What is required
Once the pictures are removed, reproduce what is left of the data below exactly.

Text-to-region grounding data
^^^^^^^^^^^^^^^^

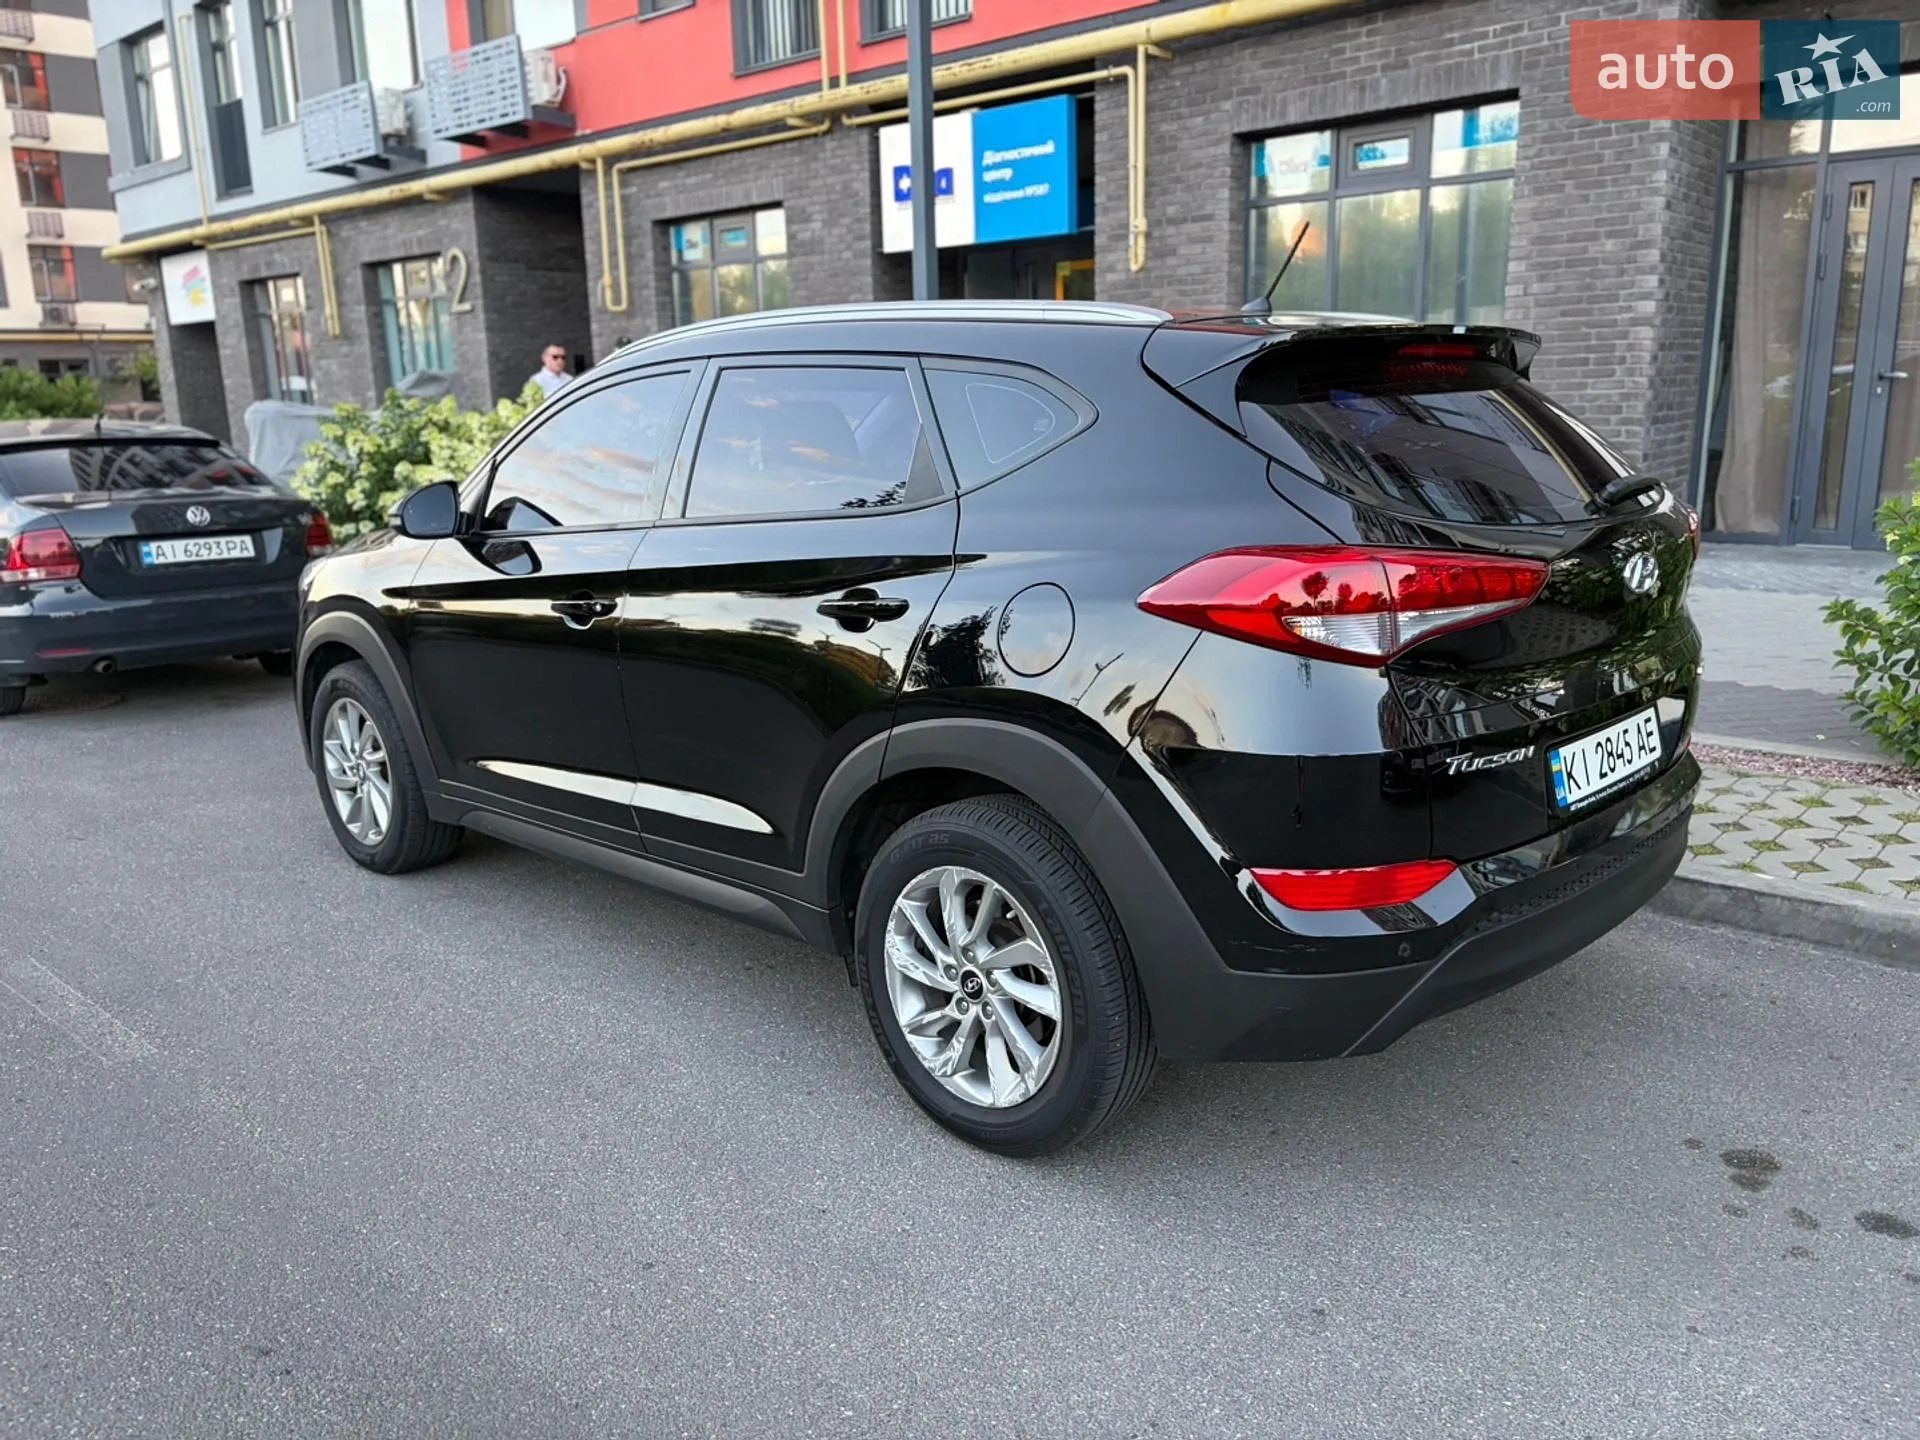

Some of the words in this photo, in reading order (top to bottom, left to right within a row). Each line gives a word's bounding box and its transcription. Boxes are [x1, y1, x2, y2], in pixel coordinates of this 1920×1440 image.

[444, 246, 473, 313] 2
[183, 541, 224, 558] 6293
[226, 539, 251, 556] PA
[1562, 749, 1591, 796] KI
[1594, 727, 1635, 780] 2845
[1636, 716, 1658, 760] AE

^^^^^^^^^^^^^^^^

Solution for this problem
Some of the words in this photo, in reading order (top to bottom, left to right within a row). Each line gives a word's bounding box and its transcription. Boxes are [x1, y1, x2, y2], in pixel coordinates of this 1920×1440 image.

[444, 246, 473, 313] 2
[183, 541, 224, 558] 6293
[226, 539, 251, 556] PA
[1562, 749, 1591, 796] KI
[1594, 727, 1635, 780] 2845
[1636, 716, 1658, 760] AE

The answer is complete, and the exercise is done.